ASSIGNED TASK:
A faithful copy of each entry below is expected, with the images removed.

(Collected data)
◇ ◇ ◇ ◇ ◇ ◇ ◇
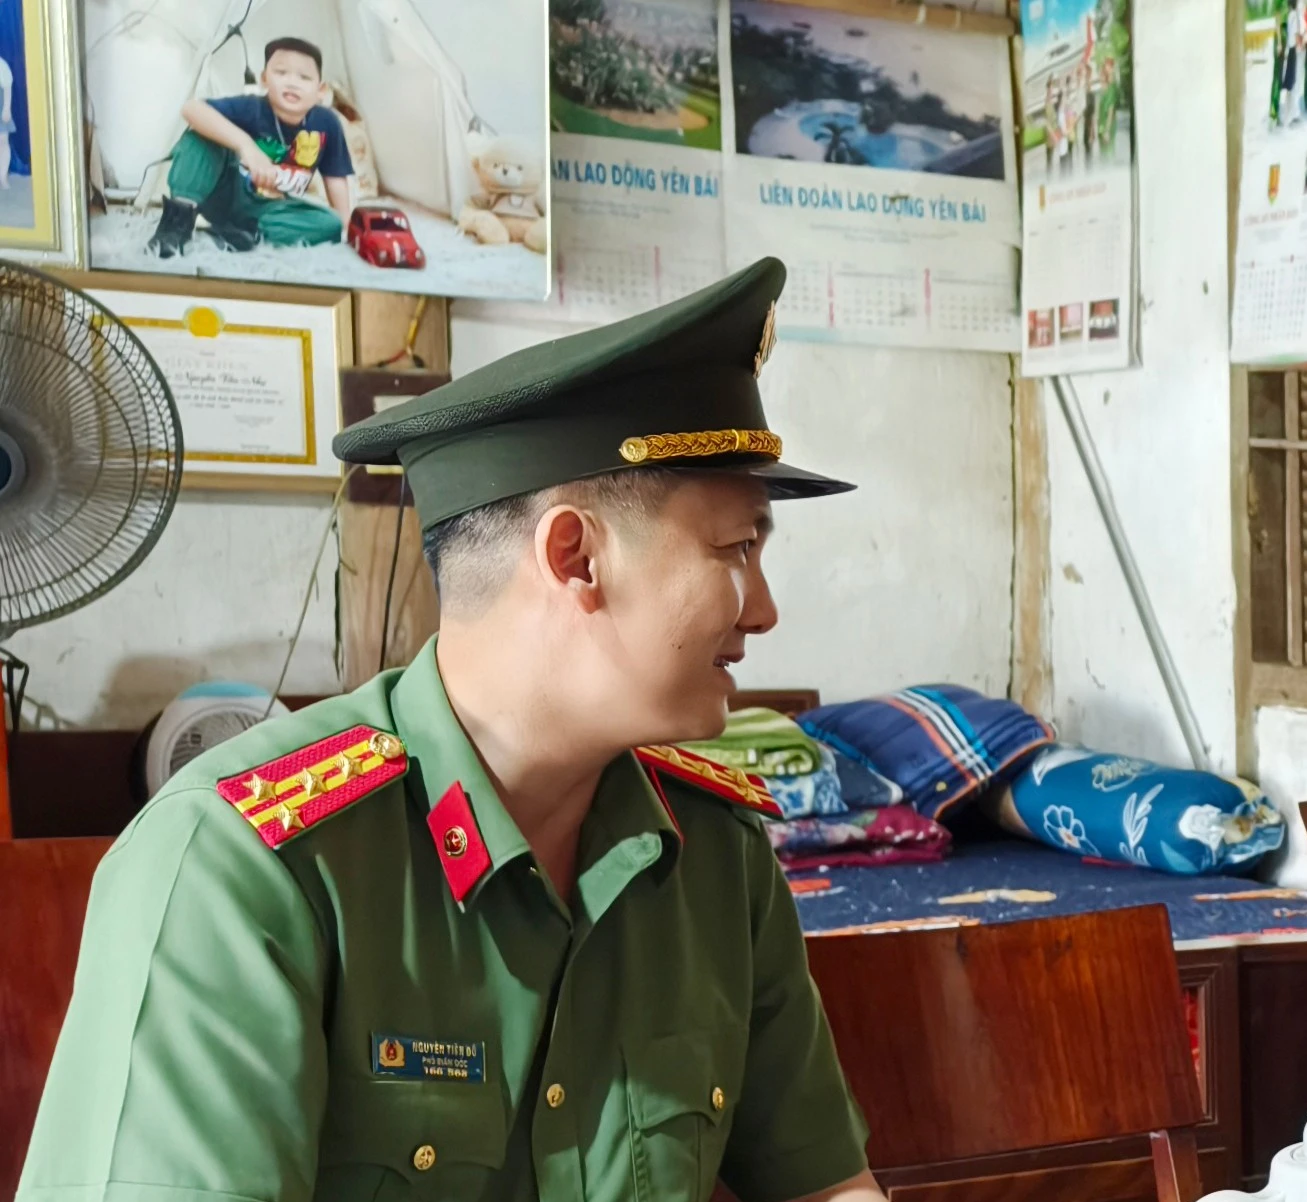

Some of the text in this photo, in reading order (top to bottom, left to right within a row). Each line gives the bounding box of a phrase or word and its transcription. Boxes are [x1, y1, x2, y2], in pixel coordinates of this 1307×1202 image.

[574, 160, 607, 185] LAO
[661, 165, 690, 195] YÊN
[760, 180, 793, 206] LIÊN
[798, 182, 842, 209] ĐOÀN
[847, 190, 878, 213] LAO
[930, 193, 957, 220] YÊN
[962, 199, 987, 223] BÁI
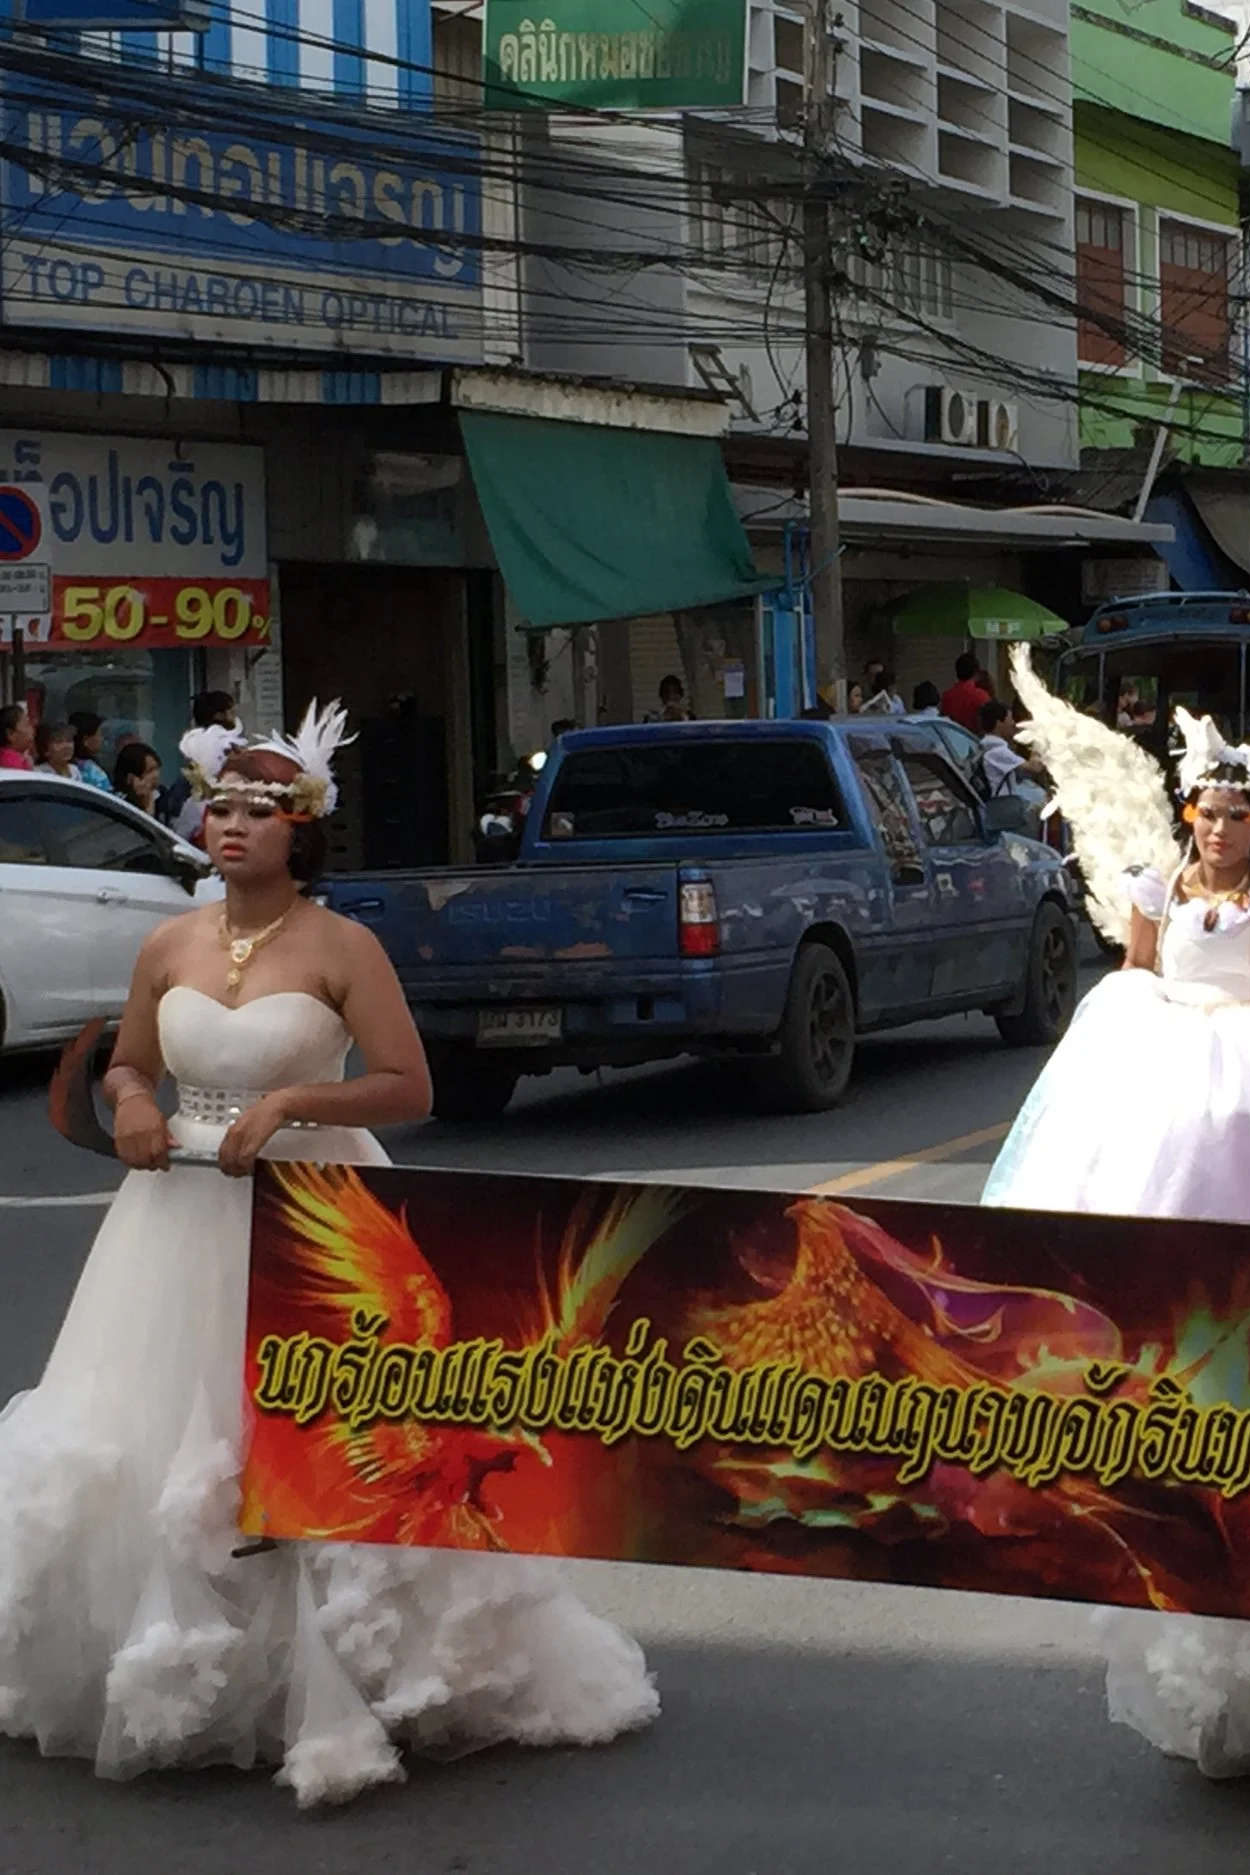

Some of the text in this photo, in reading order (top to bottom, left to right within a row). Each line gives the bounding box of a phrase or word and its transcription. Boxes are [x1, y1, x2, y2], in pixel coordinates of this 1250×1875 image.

[21, 254, 459, 340] TOP CHAROEN OPTICAL
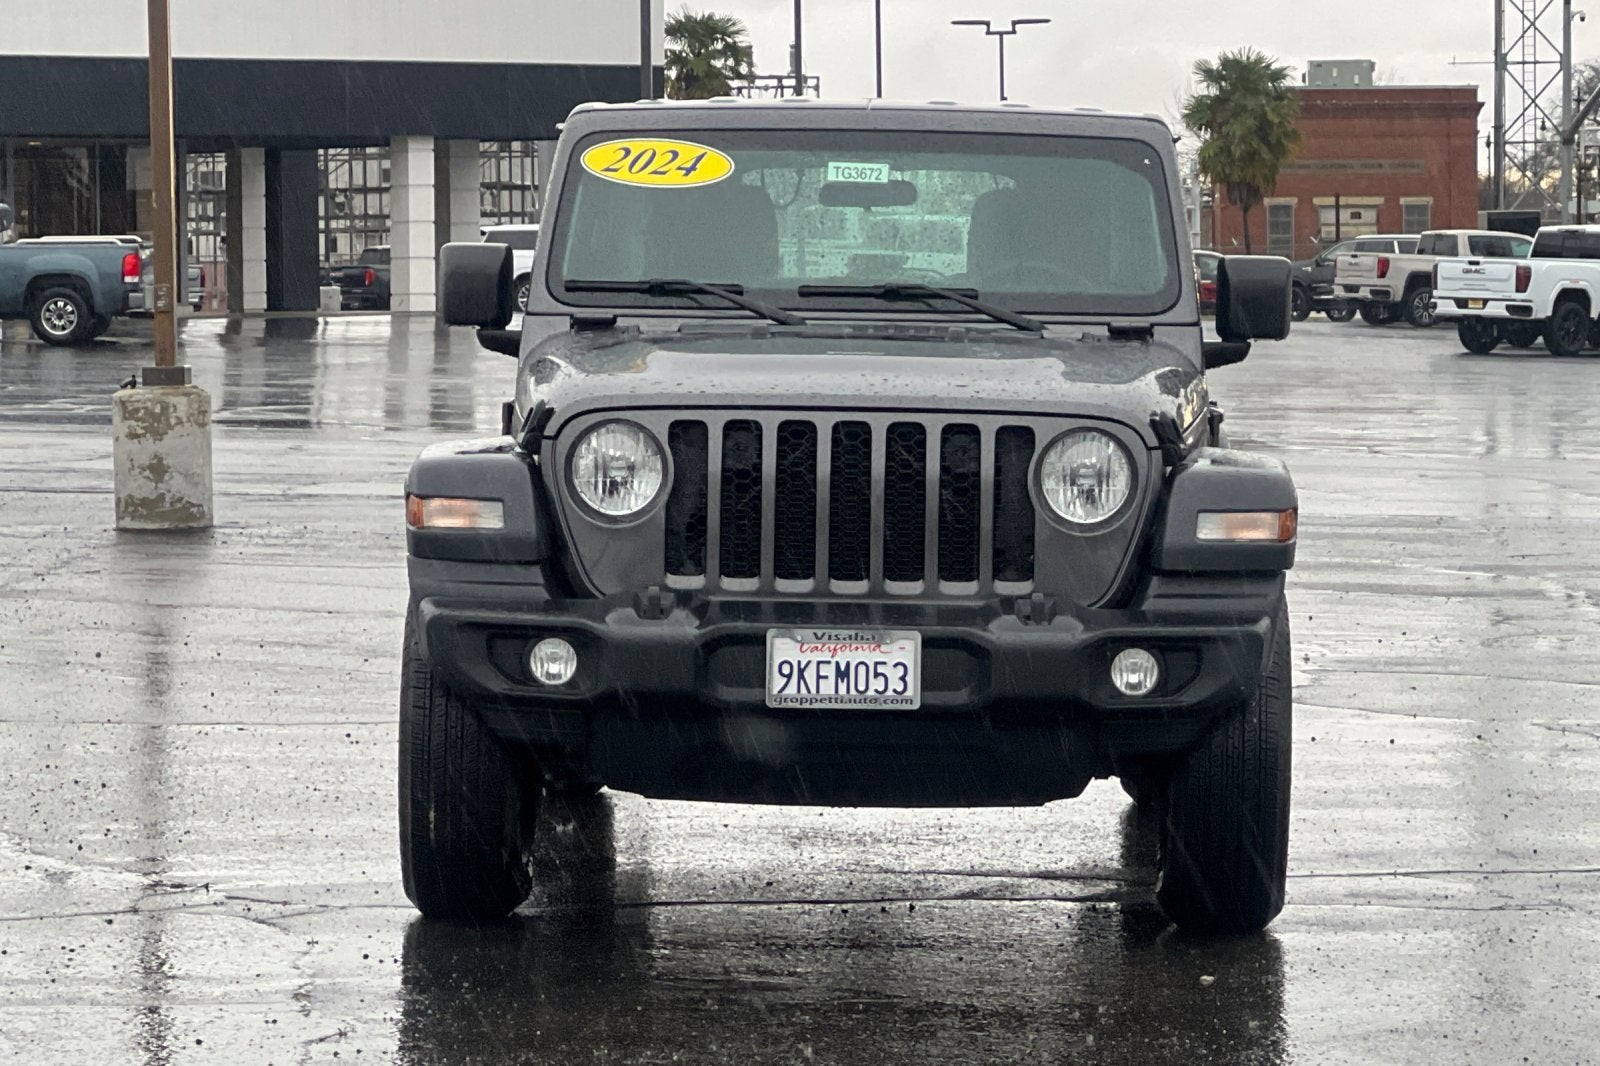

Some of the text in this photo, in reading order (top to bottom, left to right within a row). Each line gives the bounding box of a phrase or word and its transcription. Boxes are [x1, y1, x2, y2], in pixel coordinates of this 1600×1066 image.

[600, 146, 708, 177] 2024
[833, 166, 883, 181] TG3672
[812, 631, 877, 642] Visalia
[800, 641, 893, 659] California
[777, 659, 909, 696] 9KFM053
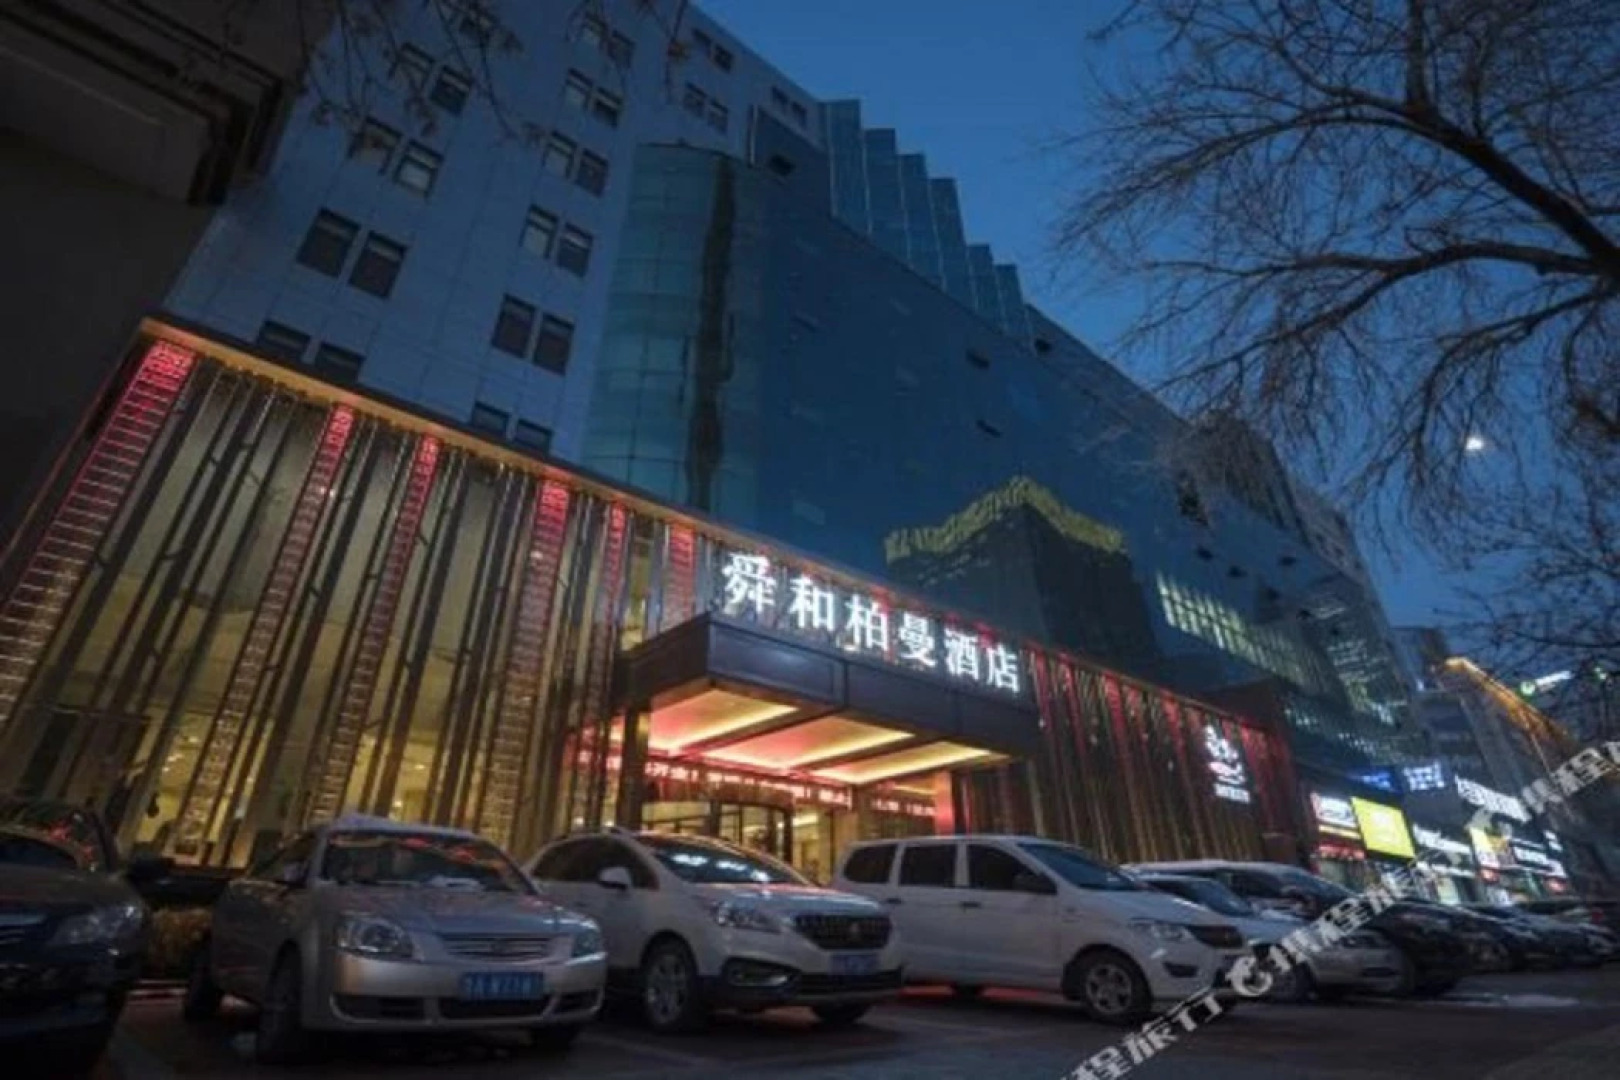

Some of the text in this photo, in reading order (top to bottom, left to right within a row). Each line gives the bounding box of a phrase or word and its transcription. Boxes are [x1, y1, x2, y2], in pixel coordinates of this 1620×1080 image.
◇ ◇ ◇ ◇ ◇ ◇ ◇
OUTPUT FOR THIS EXERCISE:
Some of the text in this photo, in reading order (top to bottom, left to right within a row). Each line gives the bounding box of a phrase or word and its transcription. Boxes are [x1, y1, x2, y2], in pixel coordinates of this 1307×1202 image.

[574, 160, 607, 185] LAO
[661, 165, 690, 195] YÊN
[760, 180, 793, 206] LIÊN
[798, 182, 842, 209] ĐOÀN
[847, 190, 878, 213] LAO
[930, 193, 957, 220] YÊN
[962, 199, 987, 223] BÁI

Some of the text in this photo, in reading order (top to bottom, left to right within a row). Each line gives the bounding box of a phrase or word and its transcription. Boxes are [x1, y1, x2, y2], in pixel coordinates of this 1250×1875 image.

[21, 254, 459, 340] TOP CHAROEN OPTICAL

Some of the text in this photo, in reading order (top to bottom, left to right within a row). Each line gives the bounding box of a phrase or word and its transcription. Boxes are [x1, y1, x2, y2], in pixel coordinates of this 1600×1066 image.

[600, 146, 708, 177] 2024
[833, 166, 883, 181] TG3672
[812, 631, 877, 642] Visalia
[800, 641, 893, 659] California
[777, 659, 909, 696] 9KFM053

Some of the text in this photo, in reading order (top to bottom, left to right within a row). Each line gives the bounding box of a phrase or word and its transcription. Boxes are [x1, y1, x2, y2], in pixel coordinates of this 1620×1080 image.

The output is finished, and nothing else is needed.